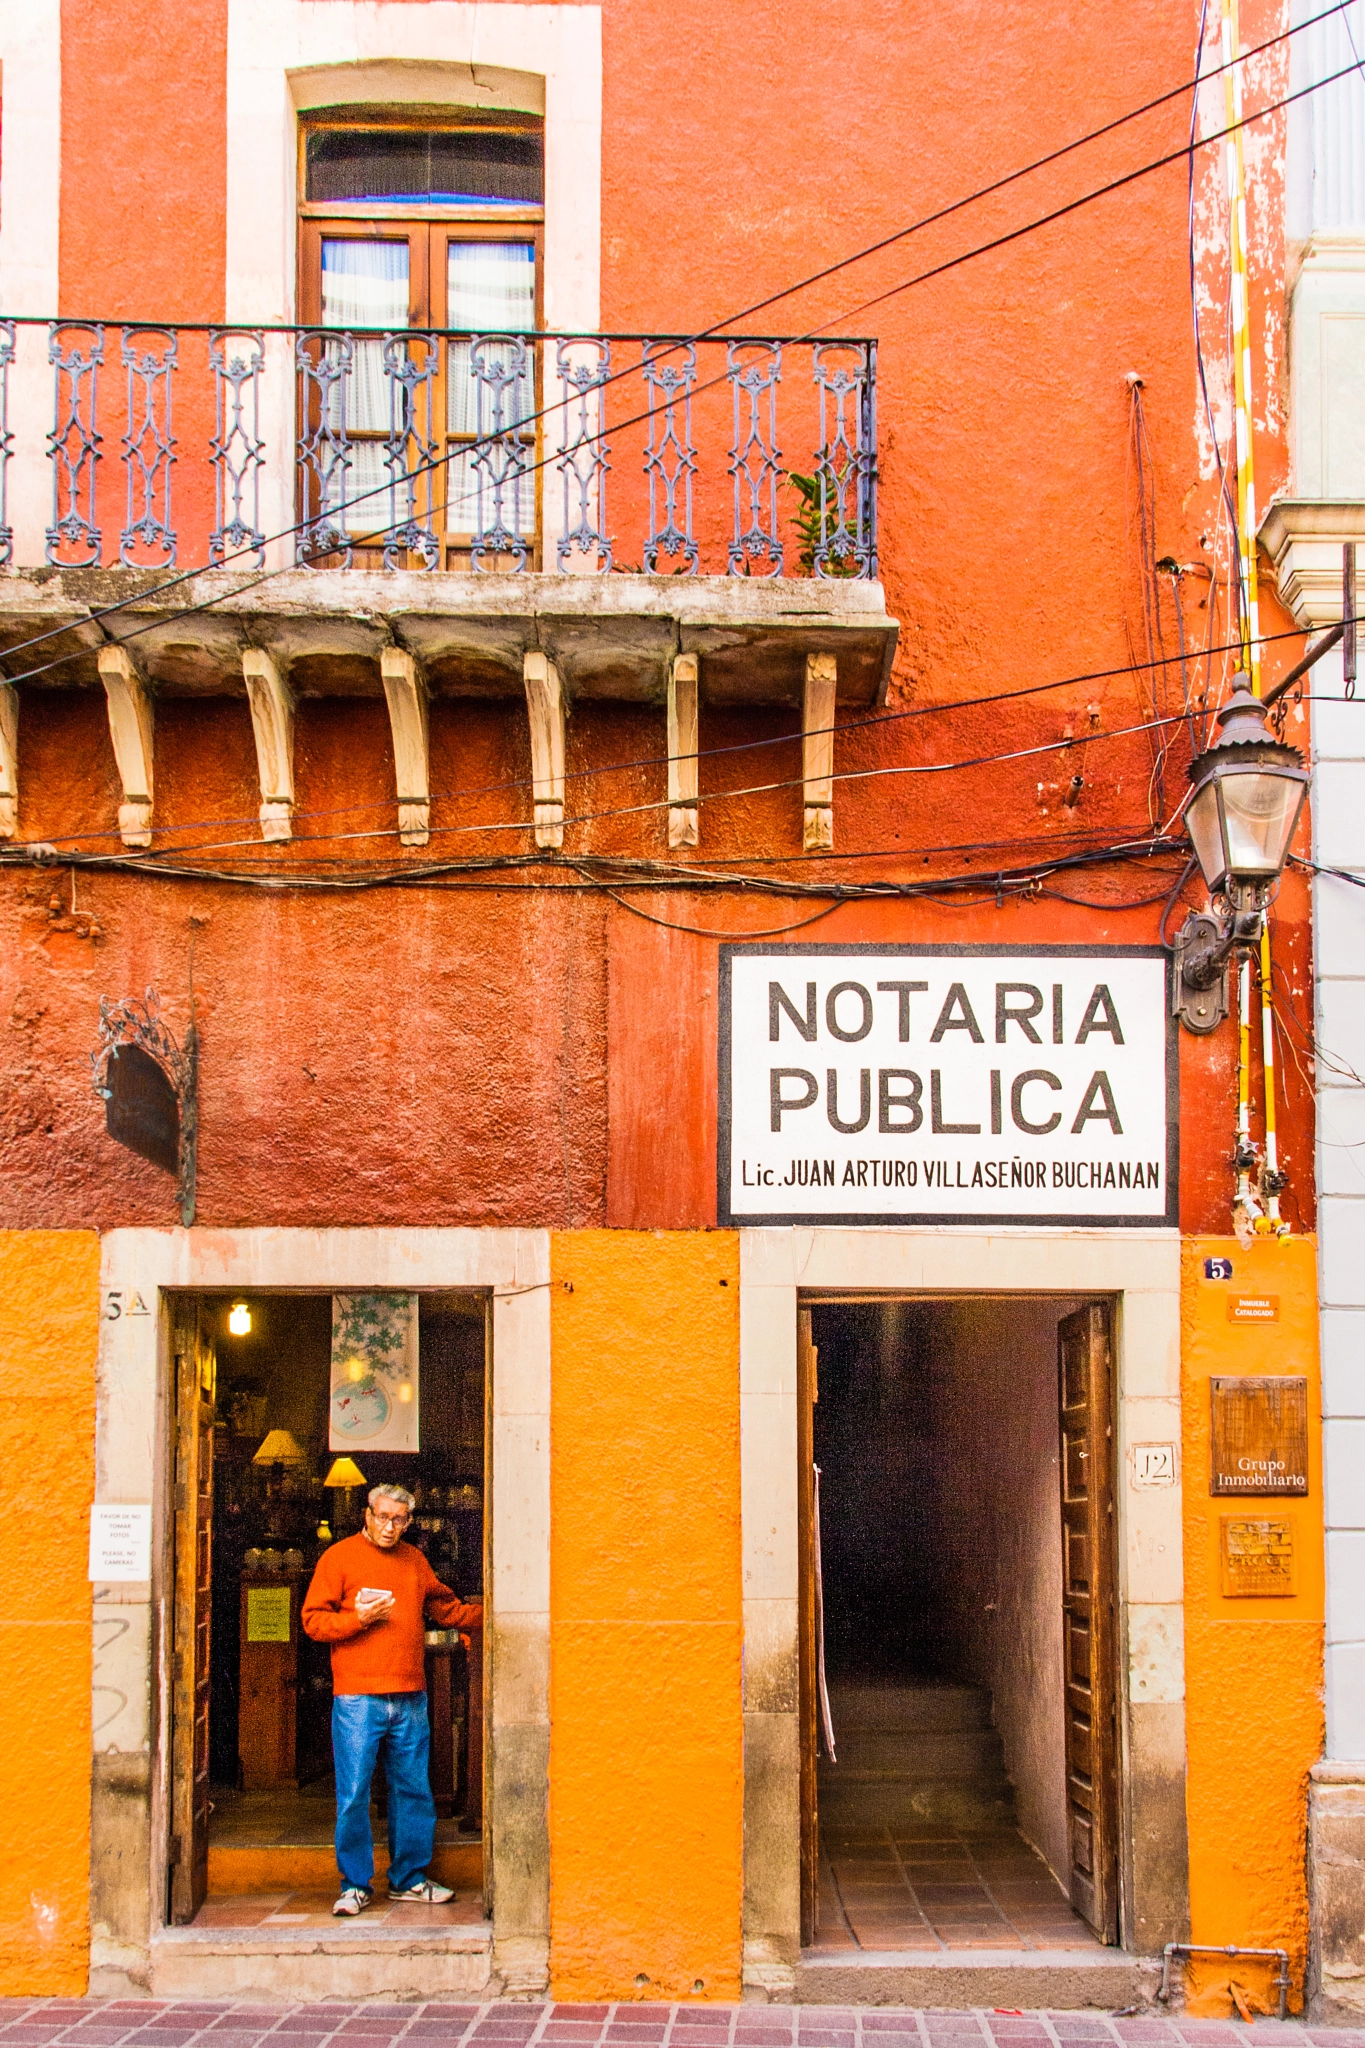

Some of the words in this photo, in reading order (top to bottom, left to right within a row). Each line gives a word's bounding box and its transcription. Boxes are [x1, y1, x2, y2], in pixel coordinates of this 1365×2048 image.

[769, 982, 1124, 1044] NOTARIA
[771, 1069, 1123, 1134] PUBLICA
[842, 1160, 917, 1186] ARTURO
[924, 1156, 1046, 1188] VILLASEÑOR
[1053, 1162, 1158, 1188] BUCHANAN
[1211, 1257, 1225, 1279] 5
[1218, 1473, 1305, 1486] Inmobiliario
[1238, 1457, 1285, 1475] Grupo
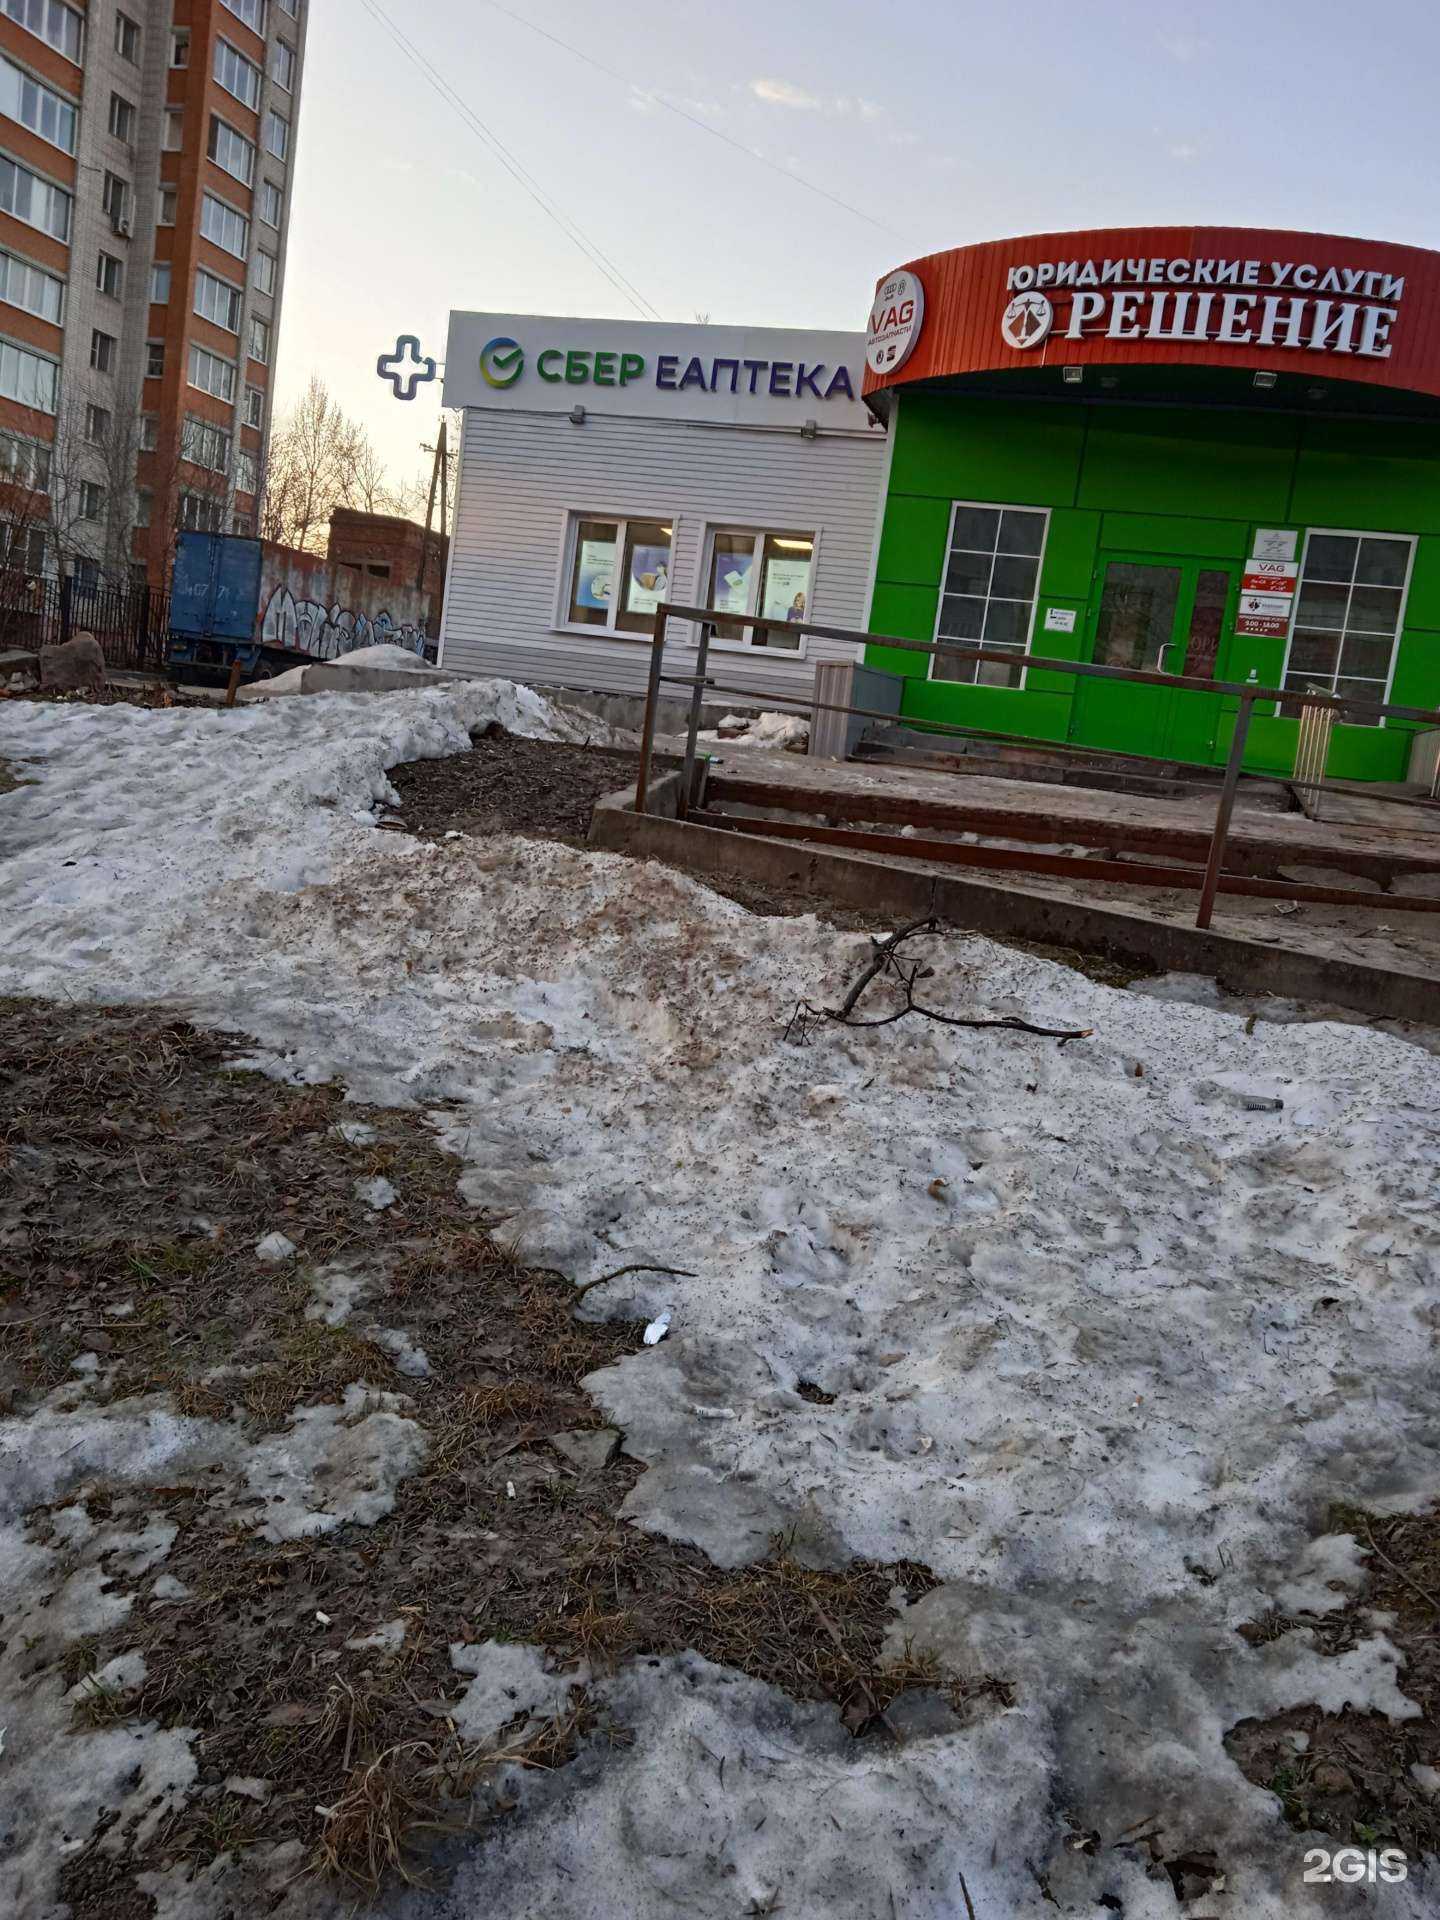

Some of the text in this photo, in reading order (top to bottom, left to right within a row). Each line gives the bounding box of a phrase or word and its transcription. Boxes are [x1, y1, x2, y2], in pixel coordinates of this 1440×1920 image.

[1007, 259, 1405, 301] ЮРИДИЧЕСКИЕ УСЛУГИ
[871, 300, 914, 334] VAG
[1065, 291, 1398, 358] РЕШЕНИЕ
[536, 349, 854, 400] СБЕР ЕАПТЕКА
[1259, 563, 1285, 573] VAG

> _Work order_:
Print out the complete listing above exactly, dropping each image.

> _Solved exercise_:
Some of the words in this photo, in reading order (top to bottom, left to right within a row). Each line gives a word's bounding box and its transcription. Boxes are [x1, y1, x2, y2], in pixel coordinates of this 1365×2048 image.

[769, 982, 1124, 1044] NOTARIA
[771, 1069, 1123, 1134] PUBLICA
[842, 1160, 917, 1186] ARTURO
[924, 1156, 1046, 1188] VILLASEÑOR
[1053, 1162, 1158, 1188] BUCHANAN
[1211, 1257, 1225, 1279] 5
[1218, 1473, 1305, 1486] Inmobiliario
[1238, 1457, 1285, 1475] Grupo

Some of the text in this photo, in reading order (top to bottom, left to right within a row). Each line gives the bounding box of a phrase or word and its transcription. Boxes are [x1, y1, x2, y2], in pixel coordinates of this 1440×1920 image.

[1007, 259, 1405, 301] ЮРИДИЧЕСКИЕ УСЛУГИ
[871, 300, 914, 334] VAG
[1065, 291, 1398, 358] РЕШЕНИЕ
[536, 349, 854, 400] СБЕР ЕАПТЕКА
[1259, 563, 1285, 573] VAG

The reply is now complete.